Stored records
*-*-*

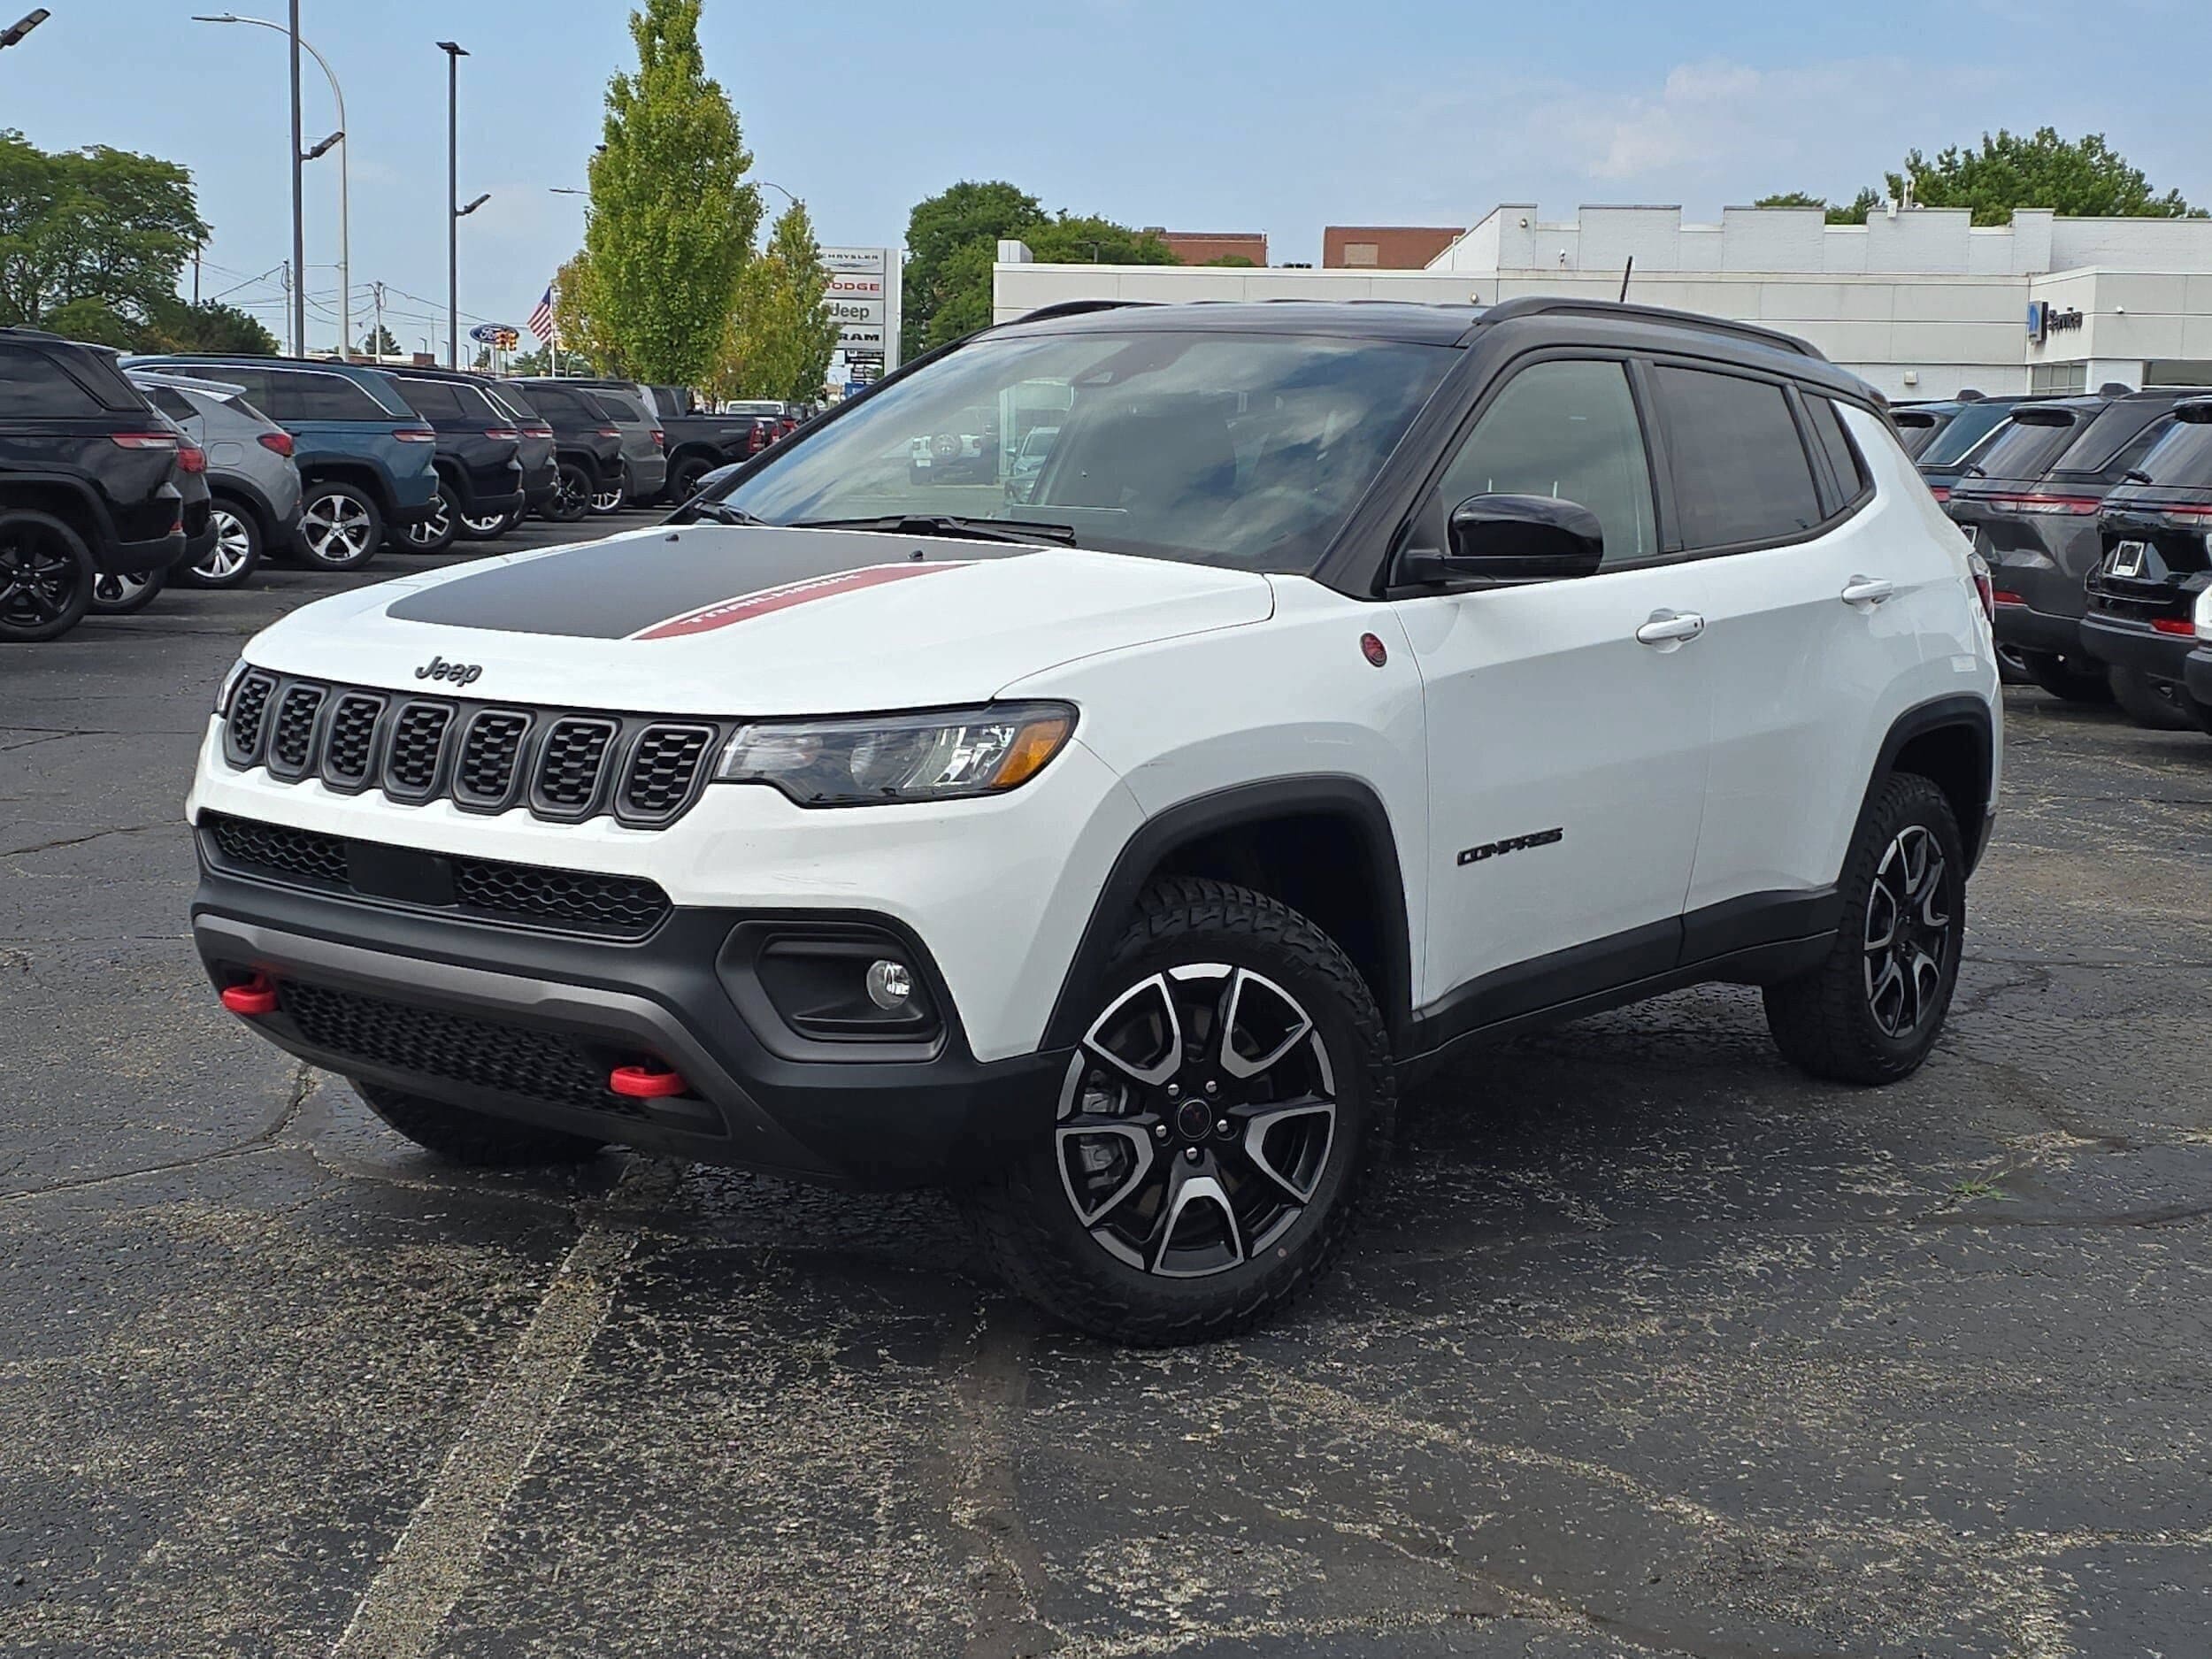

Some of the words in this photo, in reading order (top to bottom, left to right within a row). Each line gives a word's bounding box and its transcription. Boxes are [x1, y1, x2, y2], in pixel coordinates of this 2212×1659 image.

[830, 303, 870, 320] Jeep
[839, 333, 879, 342] RAM
[679, 574, 861, 625] TRAILHAWK
[415, 656, 482, 687] Jeep
[1457, 827, 1563, 866] COMPASS

*-*-*

WHAT NEEDS TO BE DONE
The data above must be reproduced exactly, without any of its pictures.

OUTPUT BELOW
Some of the words in this photo, in reading order (top to bottom, left to right within a row). Each line gives a word's bounding box and its transcription. Boxes are [x1, y1, x2, y2], in pixel coordinates of this 2212×1659 image.

[830, 303, 870, 320] Jeep
[839, 333, 879, 342] RAM
[679, 574, 861, 625] TRAILHAWK
[415, 656, 482, 687] Jeep
[1457, 827, 1563, 866] COMPASS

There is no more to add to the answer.